ARM adds two new server cores and a platform

Welcome to the V1 and N2 cores and the V1 platform

Nvidia LogoToday ARM launches two new server cores and a new servers platform too, say hi to the V1, N2, and V1 platforms. SemiAccurate thinks this is a very interesting forking of ARM’s server strategy with cores going after niches in a way that Intel can’t match.

The Neoverse N2 is obviously an update to last year’s N1 core that has made waves in the market in chips like Amazon’s Graviton 2. The smaller throughput oriented E1 core doesn’t get an update, today anyway, but don’t be surprised if we see a new E-series in a few quarters. The big news however is the V1 core and the cunningly named V1 platform it rides upon. The roadmap looks like this.

ARM Neoverse Roadmap

ARM Neoverse roadmap

In 2018 ARM promised an aggregate 30% performance boost every year with their server cores. Last year’s N1 was a claimed 60% uplift from 2018’s A72/Cosmos platform so even with a few caveats it is clear they met their goal and then some. This year we get the V1 (Zeus) platform with a 50% uplift from the N1 which again exceeds their goals. Next year comes N2 (Perseus) which is a 40% bump from N1 or about 10% less than V1 which doesn’t meet the 30% target for 2021 as long as you take things year by year. In aggregate 1.6 * 1.5 = 2.4 which is well above the 3-year 30% cadence of ~2.2x.

Assuming these numbers hold up in the real world, mission accomplished until Poseidon comes along in 2022 with a claimed 30% bump in performance. Thalia is next (1) with a laughable increase in performance, and yes you probably need to look up why. In any case as long as Poseidon doesn’t miss their targets by a large amount, the 30% claim looks like it will hold for at least another 3 years.

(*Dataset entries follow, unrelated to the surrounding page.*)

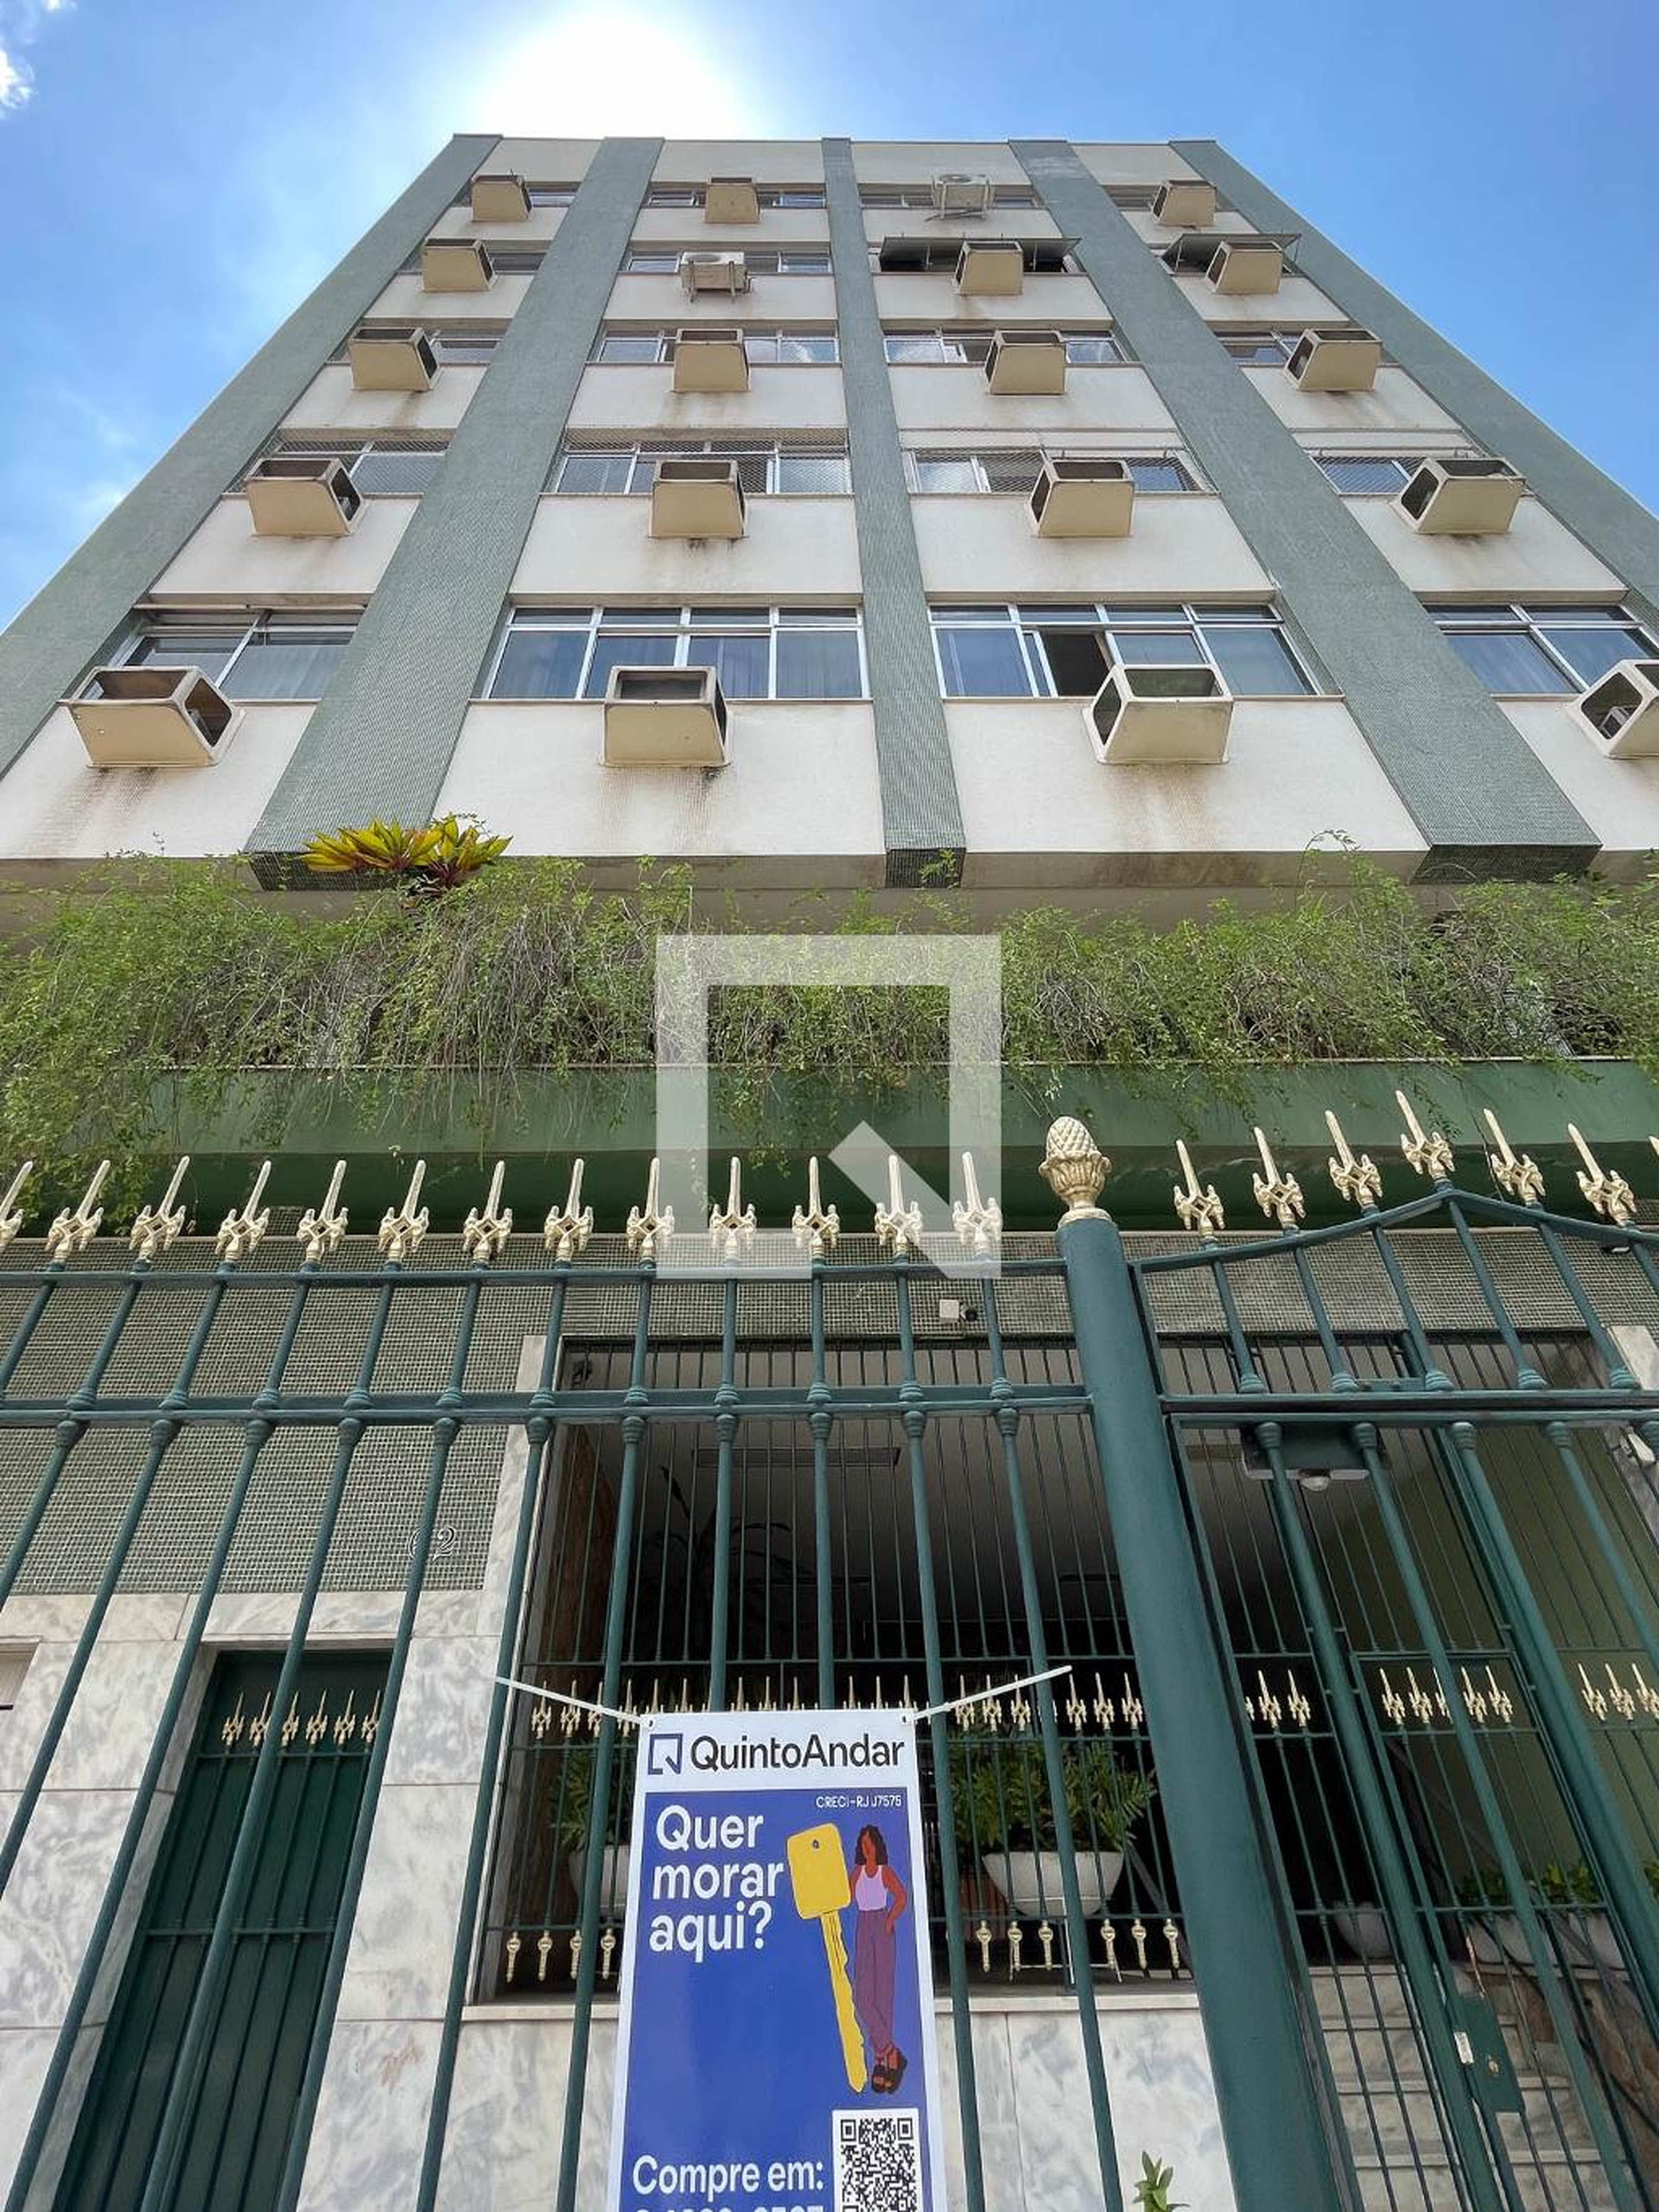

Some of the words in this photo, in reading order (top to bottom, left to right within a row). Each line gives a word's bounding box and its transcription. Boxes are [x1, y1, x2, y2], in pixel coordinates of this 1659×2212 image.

[691, 1734, 905, 1772] QuintoAndar
[656, 1805, 763, 1852] Quer
[652, 1862, 784, 1900] morar
[649, 1901, 772, 1963] aqui?
[633, 2155, 760, 2202] Compre
[767, 2161, 823, 2191] em:

As of right now, N1 appears to pummel Intel silly in Graviton 2 form, see?

ARM Neoverse N1 Graviton2 performance

ARM N1 performance

So with such a commanding lead and Intel not coming out with anything that will threaten N1 until 2022 best case, why the hurry? You could say AMD and that would be fair, Milan is about to come out with a serious performance uplift so that is a threat. The real reason however appears to be tailoring different cores for different workloads, something AMD and Intel can’t do at the moment. V1 is not a bigger N1 and it is faster than N2 which comes out a year later. So why bother with N2 at all if V1 is faster and comes out sooner? Efficiency.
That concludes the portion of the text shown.